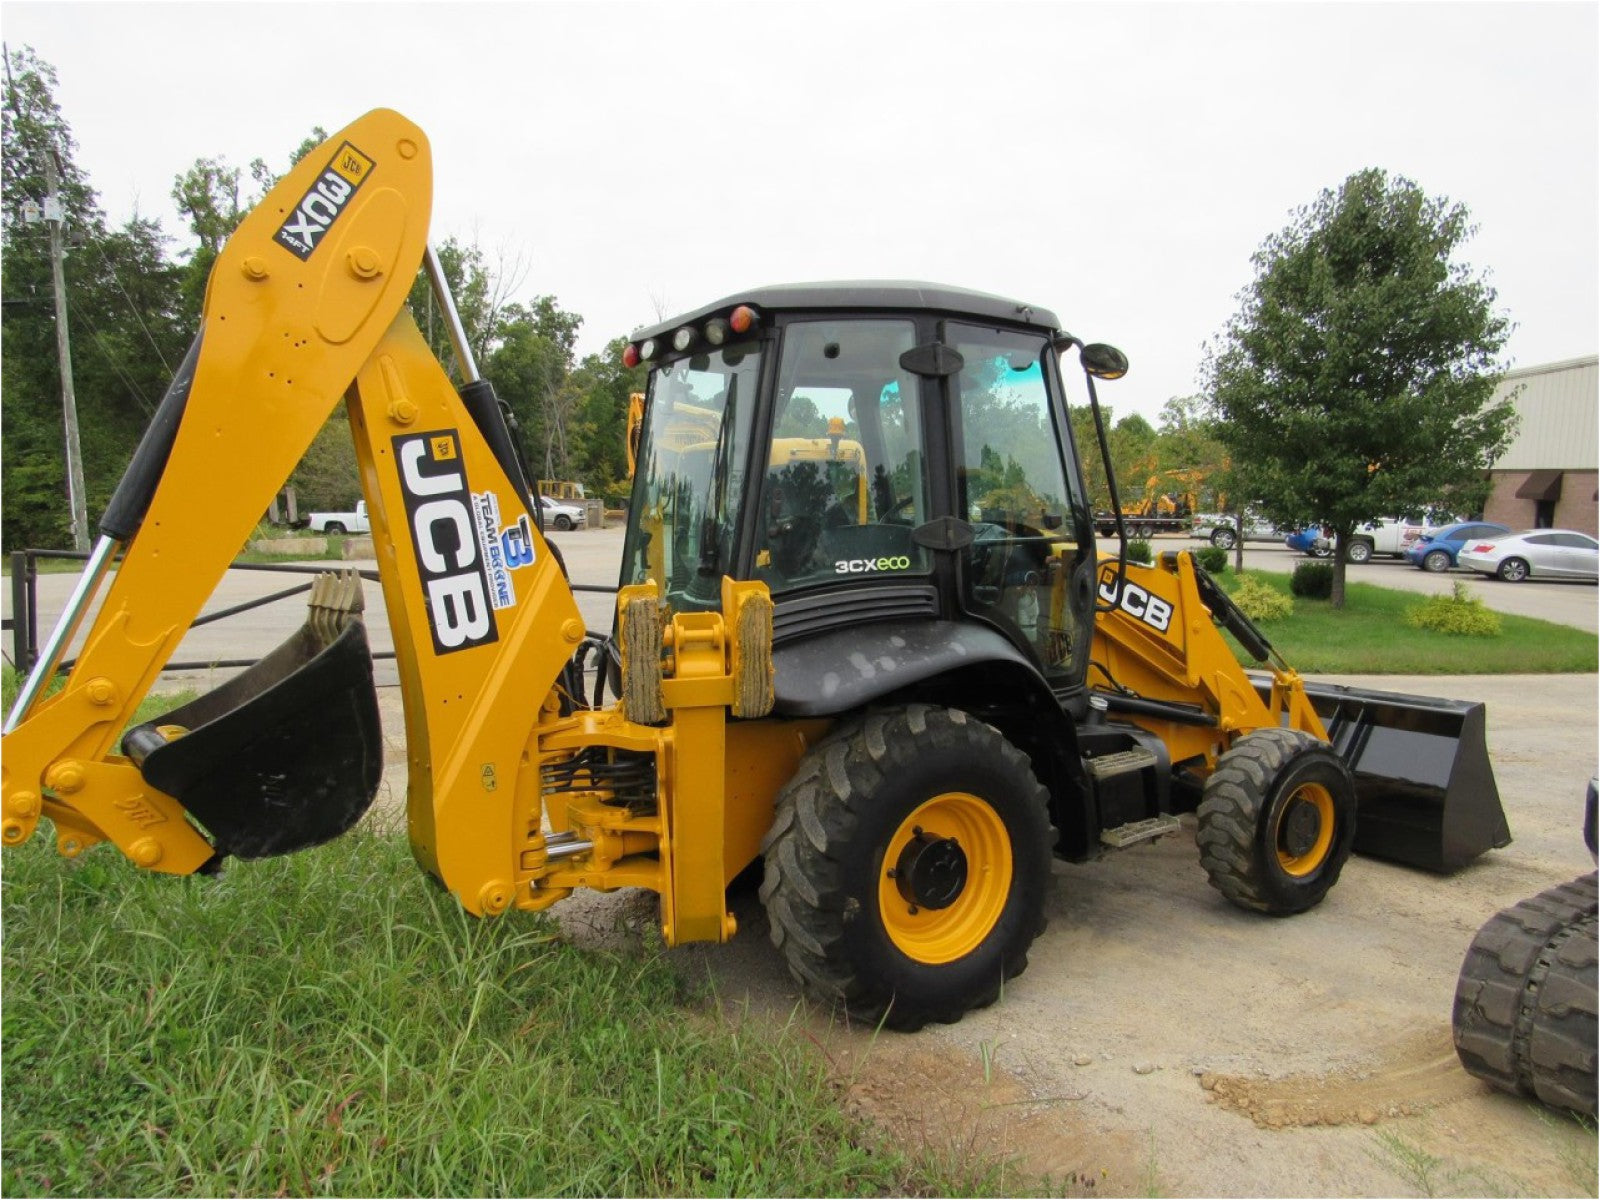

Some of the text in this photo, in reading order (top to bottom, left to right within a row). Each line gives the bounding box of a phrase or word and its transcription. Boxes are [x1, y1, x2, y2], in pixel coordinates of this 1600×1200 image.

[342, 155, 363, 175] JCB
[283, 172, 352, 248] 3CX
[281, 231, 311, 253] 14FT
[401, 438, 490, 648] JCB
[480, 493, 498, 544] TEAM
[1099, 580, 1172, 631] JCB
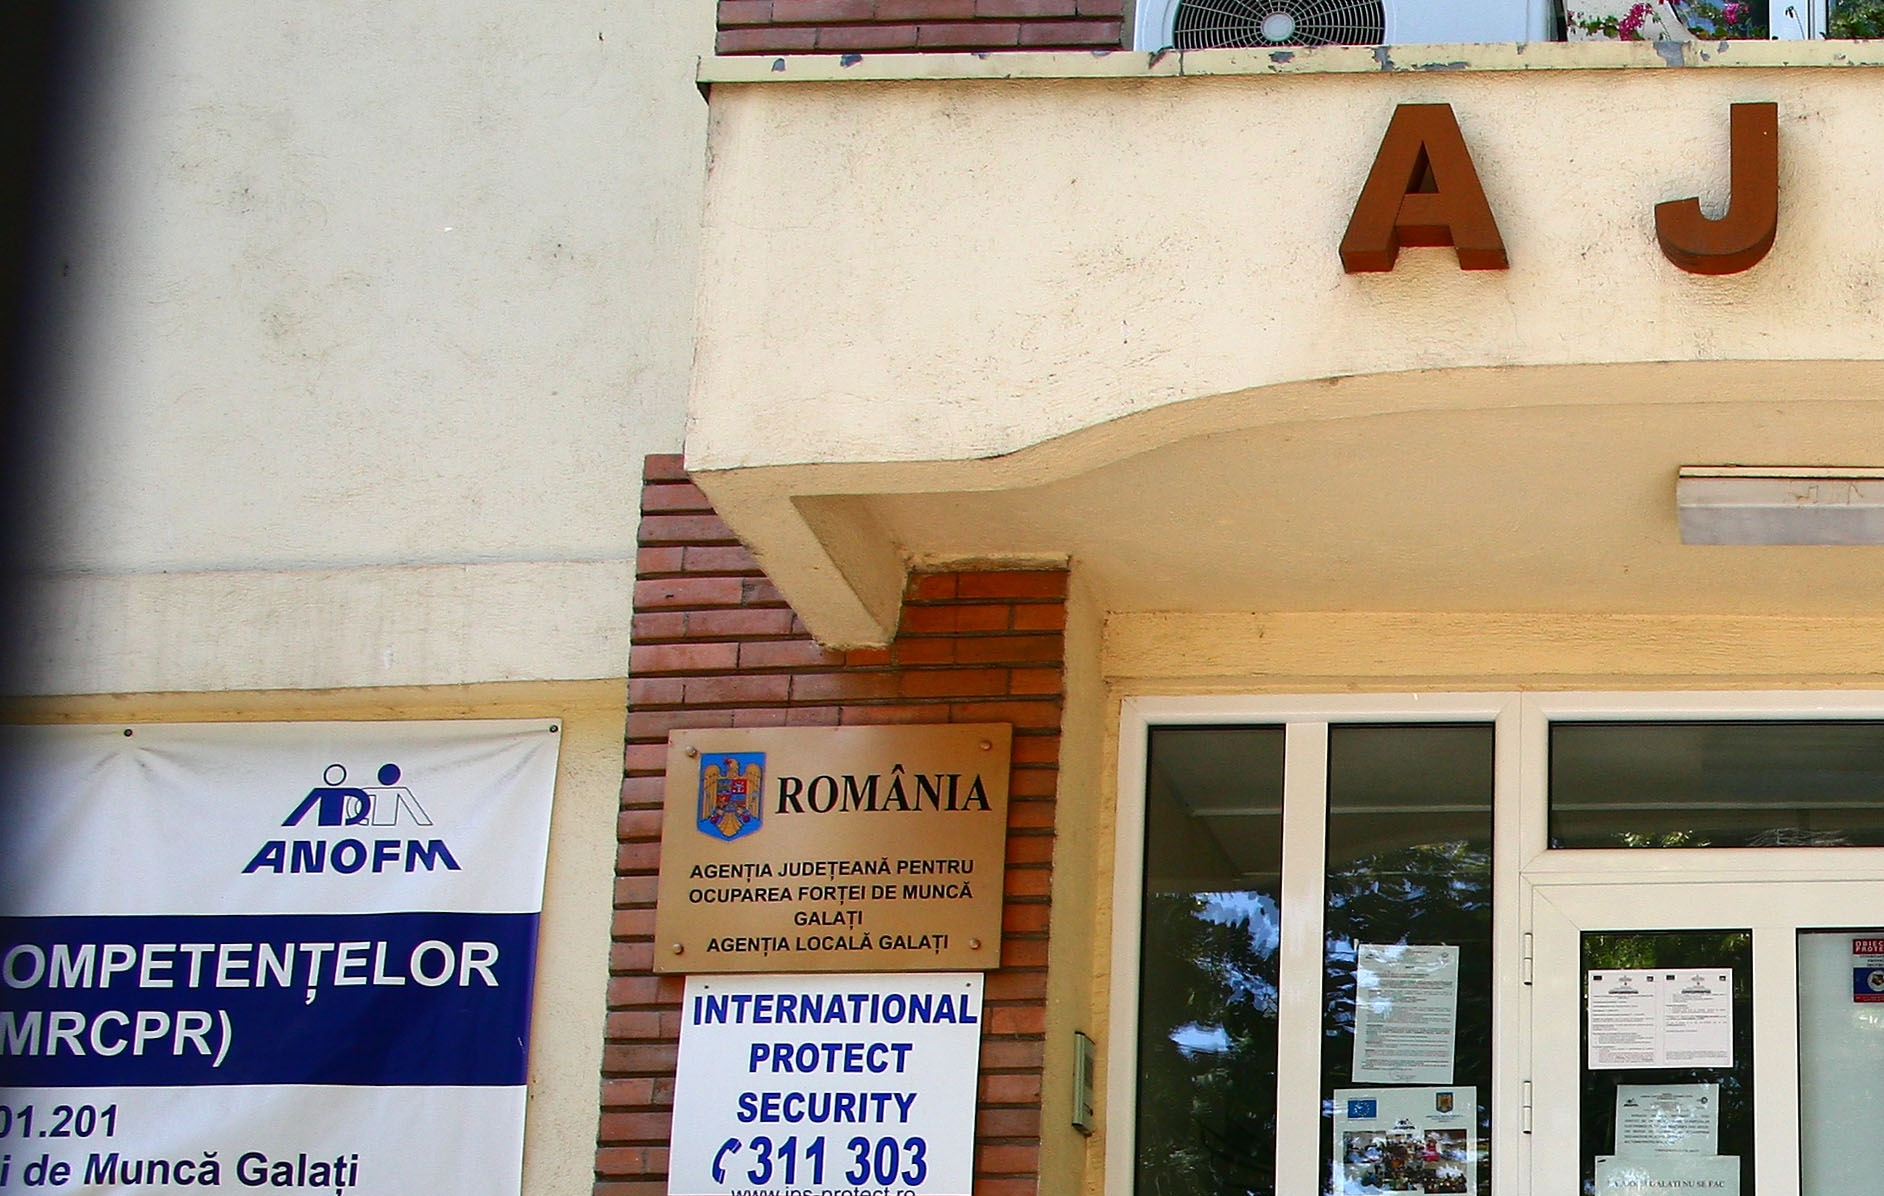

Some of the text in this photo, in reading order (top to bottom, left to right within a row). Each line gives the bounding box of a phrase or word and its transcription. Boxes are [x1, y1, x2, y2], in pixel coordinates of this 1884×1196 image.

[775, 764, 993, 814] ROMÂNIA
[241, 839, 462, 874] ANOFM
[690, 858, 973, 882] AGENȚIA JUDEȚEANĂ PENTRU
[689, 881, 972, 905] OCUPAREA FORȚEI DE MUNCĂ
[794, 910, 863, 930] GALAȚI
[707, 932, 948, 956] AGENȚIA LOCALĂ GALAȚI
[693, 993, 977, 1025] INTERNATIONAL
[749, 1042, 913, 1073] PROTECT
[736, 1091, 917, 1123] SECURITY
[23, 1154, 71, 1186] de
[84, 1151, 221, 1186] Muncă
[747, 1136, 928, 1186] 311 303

# EXERCISE INSTRUCTIONS:
Type the records out again in full, exactly, with each picture omitted.

# RESULT OF THE EXERCISE:
Some of the text in this photo, in reading order (top to bottom, left to right within a row). Each line gives the bounding box of a phrase or word and its transcription. Boxes are [x1, y1, x2, y2], in pixel coordinates of this 1600×1200 image.

[342, 155, 363, 175] JCB
[283, 172, 352, 248] 3CX
[281, 231, 311, 253] 14FT
[401, 438, 490, 648] JCB
[480, 493, 498, 544] TEAM
[1099, 580, 1172, 631] JCB

Some of the text in this photo, in reading order (top to bottom, left to right within a row). Each line gives the bounding box of a phrase or word and its transcription. Boxes are [x1, y1, x2, y2], in pixel coordinates of this 1884×1196 image.

[775, 764, 993, 814] ROMÂNIA
[241, 839, 462, 874] ANOFM
[690, 858, 973, 882] AGENȚIA JUDEȚEANĂ PENTRU
[689, 881, 972, 905] OCUPAREA FORȚEI DE MUNCĂ
[794, 910, 863, 930] GALAȚI
[707, 932, 948, 956] AGENȚIA LOCALĂ GALAȚI
[693, 993, 977, 1025] INTERNATIONAL
[749, 1042, 913, 1073] PROTECT
[736, 1091, 917, 1123] SECURITY
[23, 1154, 71, 1186] de
[84, 1151, 221, 1186] Muncă
[747, 1136, 928, 1186] 311 303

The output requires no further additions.